8. CULTURAL SENSITIVITY
Today, with the increasing emphasis on empowering diverse cultures, lifestyles, and races and the pursuit for gender equality, cultural
sensitivity becomes an important standard for effective communication.
9. CAPTIVATING
You must strive to make messages interesting to command more attention and better responses.
Ethical considerations in communication
Ethics is a branch of philosophy that focuses on issues of right and wrong in human affairs.
Ethical Communicators:
1. Respect audience
2. Consider the result of communication
3. Value truth
4. Use information correctly
5. Do not falsify information
Lesson 2:
communication and globalization
Globalization is the communication and assimilation among individuals, ethnicities, races, institutions, government of various nations
supported by technology and compelled by international trade.

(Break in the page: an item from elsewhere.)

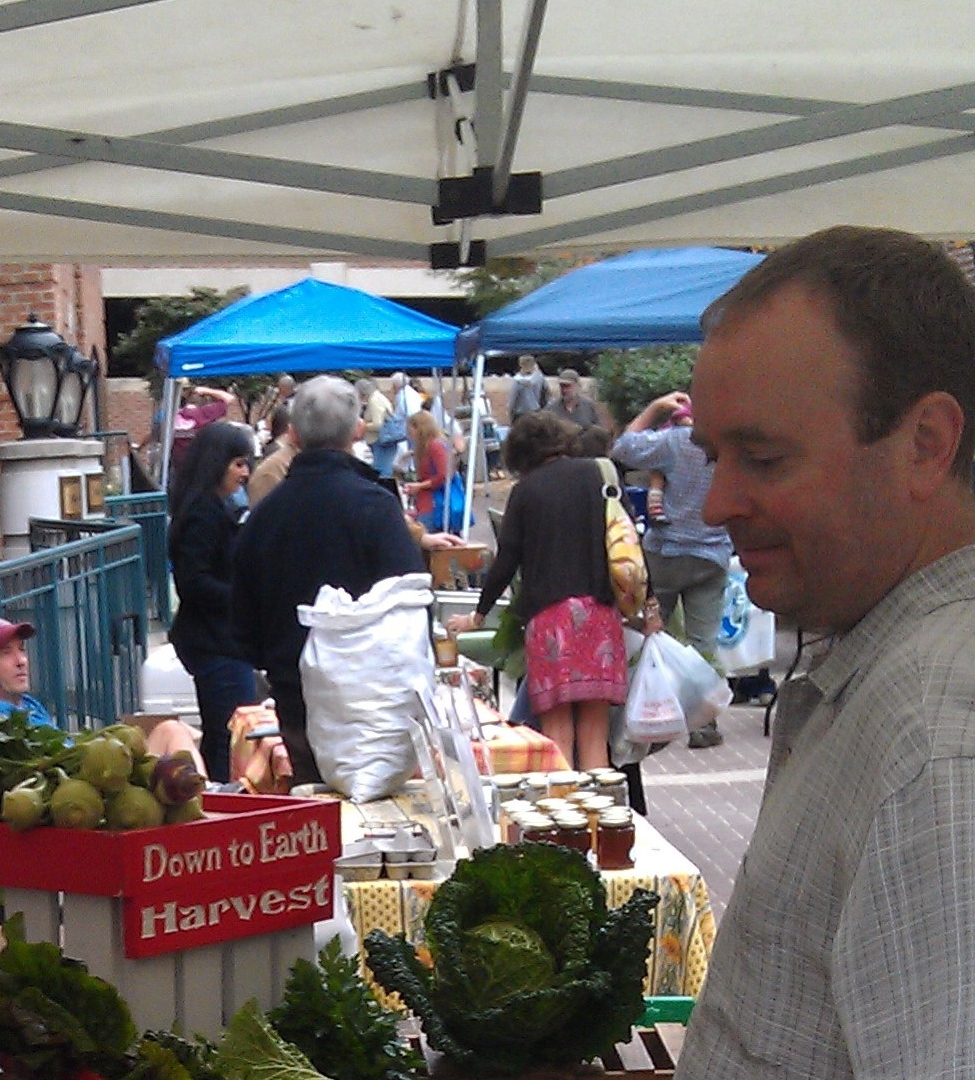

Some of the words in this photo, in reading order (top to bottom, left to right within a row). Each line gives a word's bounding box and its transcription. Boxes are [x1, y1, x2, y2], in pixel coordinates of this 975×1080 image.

[142, 843, 222, 883] Down
[228, 839, 255, 867] to
[258, 820, 328, 863] Earth
[140, 874, 329, 939] Harvest

Due to globalization, the more you become exposed to diversity --- the valuing of the uniqueness or differences in gender preference,
color, age, religious affiliation, ethnicity, education, social and economic status and political beliefs.
Hence, to effectively communicate in a global context, a general understanding of the differences in conducting communication from one
country to another or from one culture to another helps avoid miscommunication.
People’s background and experiences influence their view of the world and the values, beliefs and behavior patterns assumed to be
good. The following are possible cultural barriers to effective communication in a global environment:
1. Cultural relativism
2. Lack of knowledge of other’s culture
3. Discrimination and harassment
4. Language differences
To get the desired outcome or response, the above barriers must be properly addressed. It is the responsibility of the parties involved in
the communication process to eliminate the possible hindrances in their exchange. The goal of effective global communication is to achieve
communication that gets the desired response leading to harmonious connections, Krizan (2014) suggests these strategies to become an effective
global communicator:
1. Review communication principles
2. Analyze the message receiver
3. Be open to an accepting of other cultures
4. Learn about cultures and apply what is learned
5. Consider language needs
LESSON 3:
LOCAL AND GLOBAL COMMUNICATION IN MULTICULTURAL SETTINGS
Intercultural communication – refers to interaction with people from diverse cultures (Jandt, 1998)
Forms of Intercultural Communication (Jandt, 1998)
1. Interracial communication – communicating with people from different races
2. Interethnic communication – interacting with people of different ethnic origins
3. International communication – communicating between representatives from different nations
4. Intracultural communication – interacting with members of the same racial or ethnic group or co-culture
According to Gamble and Gamble (2008), communication style among cultures differs; it may be high-context or low-context
communication
High-context communication is a tradition-linked communication system which adheres strongly to being indirect. Low-context
communication is a system that works on straightforward communication.
Improving Intercultural Communication Competence
The following guidelines may help you enhance your ability to communicate widely across cultures (Gamble & Gamble, 2008)
1. Recognize the validity and differences of communication styles among people.
2. Learn to eliminate personal biases and prejudices.
3. Strive to acquire communication skills necessary in a multicultural world.